U.S. solar stocks led by Sunrun Inc. tumbled after California proposed new rules for rooftop power systems that threaten to slow installations.
Sunrun, the nation’s biggest solar rooftop installer, plunged as much as 18% in New York trading on Tuesday, its biggest intraday drop since March 2020. Sunnnova Energy International Inc. fell up to 14% and SunPower Corp. slid as much as 10% the day after California regulators proposed sharply lowering subsidies and adding new fees for home solar users.
Residential solar customers would get lower credit for their excess electricity sent to the grid based on the value of the energy costs avoided by utilities, according to a proposed decision issued Monday by the California Public Utilities Commission. In addition, rooftop solar users would have to pay a new grid-connection fee that would average $40 a month.

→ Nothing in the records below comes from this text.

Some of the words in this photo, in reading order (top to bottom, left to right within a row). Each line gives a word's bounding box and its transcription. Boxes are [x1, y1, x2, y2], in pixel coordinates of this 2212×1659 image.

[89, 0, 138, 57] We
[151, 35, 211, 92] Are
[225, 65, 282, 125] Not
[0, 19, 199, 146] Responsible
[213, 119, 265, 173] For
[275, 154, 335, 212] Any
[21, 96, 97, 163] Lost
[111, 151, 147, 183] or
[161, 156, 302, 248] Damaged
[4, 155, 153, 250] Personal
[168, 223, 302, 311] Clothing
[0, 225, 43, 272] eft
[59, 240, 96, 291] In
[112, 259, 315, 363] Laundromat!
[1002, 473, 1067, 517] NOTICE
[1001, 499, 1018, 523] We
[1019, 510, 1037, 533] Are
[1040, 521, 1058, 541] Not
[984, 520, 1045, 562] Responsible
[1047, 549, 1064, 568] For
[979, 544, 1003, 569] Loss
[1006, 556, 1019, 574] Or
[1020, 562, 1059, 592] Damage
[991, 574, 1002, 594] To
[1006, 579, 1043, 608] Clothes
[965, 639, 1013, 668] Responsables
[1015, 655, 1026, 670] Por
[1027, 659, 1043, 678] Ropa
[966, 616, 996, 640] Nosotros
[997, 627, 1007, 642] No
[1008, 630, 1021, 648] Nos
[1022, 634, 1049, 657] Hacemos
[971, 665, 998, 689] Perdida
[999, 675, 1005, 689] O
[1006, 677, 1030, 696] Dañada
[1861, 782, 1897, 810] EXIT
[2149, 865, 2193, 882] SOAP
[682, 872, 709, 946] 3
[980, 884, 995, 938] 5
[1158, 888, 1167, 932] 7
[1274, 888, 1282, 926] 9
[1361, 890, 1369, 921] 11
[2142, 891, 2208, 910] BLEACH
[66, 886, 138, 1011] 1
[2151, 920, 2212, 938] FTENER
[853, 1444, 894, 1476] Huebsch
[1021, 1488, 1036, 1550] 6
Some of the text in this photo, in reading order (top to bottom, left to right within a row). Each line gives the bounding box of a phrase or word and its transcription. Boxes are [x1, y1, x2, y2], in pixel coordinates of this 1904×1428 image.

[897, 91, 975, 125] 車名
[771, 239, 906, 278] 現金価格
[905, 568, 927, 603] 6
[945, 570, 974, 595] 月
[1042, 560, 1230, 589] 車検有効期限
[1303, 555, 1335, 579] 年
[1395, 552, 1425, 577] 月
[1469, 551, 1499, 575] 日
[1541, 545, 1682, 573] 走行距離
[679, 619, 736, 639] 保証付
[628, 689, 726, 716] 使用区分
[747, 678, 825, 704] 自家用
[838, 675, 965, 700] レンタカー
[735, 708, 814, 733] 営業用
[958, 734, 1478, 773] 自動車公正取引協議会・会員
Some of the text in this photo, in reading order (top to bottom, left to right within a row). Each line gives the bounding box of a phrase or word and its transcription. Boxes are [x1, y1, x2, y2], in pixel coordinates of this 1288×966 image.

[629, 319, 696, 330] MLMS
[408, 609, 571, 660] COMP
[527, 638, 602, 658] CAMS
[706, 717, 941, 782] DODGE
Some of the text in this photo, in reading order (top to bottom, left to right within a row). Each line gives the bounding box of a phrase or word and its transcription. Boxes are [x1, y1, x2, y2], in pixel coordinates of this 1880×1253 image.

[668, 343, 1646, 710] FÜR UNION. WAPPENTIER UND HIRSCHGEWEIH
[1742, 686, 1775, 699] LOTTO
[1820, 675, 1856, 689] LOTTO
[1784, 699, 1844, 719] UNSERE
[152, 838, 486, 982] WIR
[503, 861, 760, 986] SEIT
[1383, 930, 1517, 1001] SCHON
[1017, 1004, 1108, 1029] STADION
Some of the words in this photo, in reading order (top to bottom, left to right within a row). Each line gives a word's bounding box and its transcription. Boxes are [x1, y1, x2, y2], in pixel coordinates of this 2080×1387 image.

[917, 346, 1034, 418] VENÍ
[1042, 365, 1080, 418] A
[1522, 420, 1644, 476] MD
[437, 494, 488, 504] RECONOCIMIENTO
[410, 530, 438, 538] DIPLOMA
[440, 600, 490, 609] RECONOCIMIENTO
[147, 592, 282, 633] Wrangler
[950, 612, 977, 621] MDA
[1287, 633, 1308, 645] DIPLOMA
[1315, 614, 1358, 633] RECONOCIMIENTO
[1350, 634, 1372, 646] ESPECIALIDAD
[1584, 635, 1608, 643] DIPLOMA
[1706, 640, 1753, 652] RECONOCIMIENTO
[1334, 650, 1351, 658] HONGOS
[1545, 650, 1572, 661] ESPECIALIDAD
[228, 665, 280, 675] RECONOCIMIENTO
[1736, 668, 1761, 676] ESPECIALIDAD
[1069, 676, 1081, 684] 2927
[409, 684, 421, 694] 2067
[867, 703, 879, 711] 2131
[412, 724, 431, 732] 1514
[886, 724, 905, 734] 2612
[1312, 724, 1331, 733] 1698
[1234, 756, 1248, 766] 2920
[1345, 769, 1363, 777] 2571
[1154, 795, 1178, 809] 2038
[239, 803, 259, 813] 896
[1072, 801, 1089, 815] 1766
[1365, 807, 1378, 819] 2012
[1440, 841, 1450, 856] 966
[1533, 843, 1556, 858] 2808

Subsidies have been a key driver for the residential solar market, and reducing them may force some consumers to reevaluate whether installing panels would make economic sense.
This proposed decision — if final — “could wipe out a chunk of the segment of consumers that are buying solar primarily for savings,” Philip Shen, an analyst at Roth Capital Partners, wrote in a research note. It could also “meaningfully cut” installation volumes.
Sunrun and SunPower, both based in California, blasted the recommended changes, saying they would cost tens of thousands of jobs, undercut state climate goals and make the power grid less reliable.
The proposal “represents California politics at its worst and loses sight of what constituents want — innovation, control, and fast solutions — in favor of propping up failed and stodgy incumbents,” Sunrun’s co-Executive Chairman Edward Fenster said Tuesday in a statement.
Fenster said Sunrun believes the proposed grid-connection fees violate the 43-year-old Public Utility Regulatory Policies Act, a federal law designed to encourage renewable resources and promote competition for electric generation.
California’s proposal, which may change before it’s finalized, comes as high prices and supply-chain kinks already threaten the U.S. solar market. Total installations next year may fall 15% from 2021, according to a Tuesday report from the Solar Energy Industries Association and Wood Mackenzie Ltd.